*** Opening of SUPPLIED MATERIAL ***

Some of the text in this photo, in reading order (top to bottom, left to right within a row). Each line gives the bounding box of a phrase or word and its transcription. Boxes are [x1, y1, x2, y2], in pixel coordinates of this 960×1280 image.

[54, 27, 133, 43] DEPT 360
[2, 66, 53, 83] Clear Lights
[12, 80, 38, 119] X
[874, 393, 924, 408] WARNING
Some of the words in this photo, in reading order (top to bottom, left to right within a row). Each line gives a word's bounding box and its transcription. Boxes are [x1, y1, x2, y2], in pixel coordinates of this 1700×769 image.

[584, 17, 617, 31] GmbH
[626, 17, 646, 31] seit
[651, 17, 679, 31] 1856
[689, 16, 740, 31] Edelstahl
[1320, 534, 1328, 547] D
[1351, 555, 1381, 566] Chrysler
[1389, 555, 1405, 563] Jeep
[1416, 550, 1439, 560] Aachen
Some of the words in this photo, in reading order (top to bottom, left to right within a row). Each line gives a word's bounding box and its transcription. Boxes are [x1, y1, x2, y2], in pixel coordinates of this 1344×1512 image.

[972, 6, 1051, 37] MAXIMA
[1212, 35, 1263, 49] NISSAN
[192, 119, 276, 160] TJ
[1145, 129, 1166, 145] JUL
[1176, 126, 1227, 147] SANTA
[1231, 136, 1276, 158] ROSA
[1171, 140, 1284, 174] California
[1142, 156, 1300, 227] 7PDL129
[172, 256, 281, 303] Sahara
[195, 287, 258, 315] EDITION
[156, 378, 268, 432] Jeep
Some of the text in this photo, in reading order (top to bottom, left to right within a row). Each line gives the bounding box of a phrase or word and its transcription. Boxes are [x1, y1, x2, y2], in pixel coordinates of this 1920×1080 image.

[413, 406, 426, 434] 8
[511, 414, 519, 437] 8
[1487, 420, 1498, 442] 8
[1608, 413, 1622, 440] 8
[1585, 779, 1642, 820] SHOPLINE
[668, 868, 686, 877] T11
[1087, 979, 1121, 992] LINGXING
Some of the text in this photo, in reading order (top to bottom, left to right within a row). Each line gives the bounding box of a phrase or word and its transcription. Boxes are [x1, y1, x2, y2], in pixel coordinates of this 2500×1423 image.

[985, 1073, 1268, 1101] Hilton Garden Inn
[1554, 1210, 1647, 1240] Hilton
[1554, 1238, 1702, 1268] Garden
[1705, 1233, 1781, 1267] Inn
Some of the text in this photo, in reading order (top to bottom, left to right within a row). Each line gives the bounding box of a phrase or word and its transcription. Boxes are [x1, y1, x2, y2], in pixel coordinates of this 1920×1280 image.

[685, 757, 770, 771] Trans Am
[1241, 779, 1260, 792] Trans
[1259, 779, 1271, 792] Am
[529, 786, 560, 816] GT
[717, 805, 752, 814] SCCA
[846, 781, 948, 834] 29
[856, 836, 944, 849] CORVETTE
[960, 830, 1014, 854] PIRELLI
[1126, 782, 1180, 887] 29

*** Close of SUPPLIED MATERIAL ***

## WORK INSTRUCTIONS
Exact copies are needed of the line with "this 1920×1280 image." and each line after it through the end of the material above.

## TASK SOLUTION
Some of the text in this photo, in reading order (top to bottom, left to right within a row). Each line gives the bounding box of a phrase or word and its transcription. Boxes are [x1, y1, x2, y2], in pixel coordinates of this 1920×1280 image.

[685, 757, 770, 771] Trans Am
[1241, 779, 1260, 792] Trans
[1259, 779, 1271, 792] Am
[529, 786, 560, 816] GT
[717, 805, 752, 814] SCCA
[846, 781, 948, 834] 29
[856, 836, 944, 849] CORVETTE
[960, 830, 1014, 854] PIRELLI
[1126, 782, 1180, 887] 29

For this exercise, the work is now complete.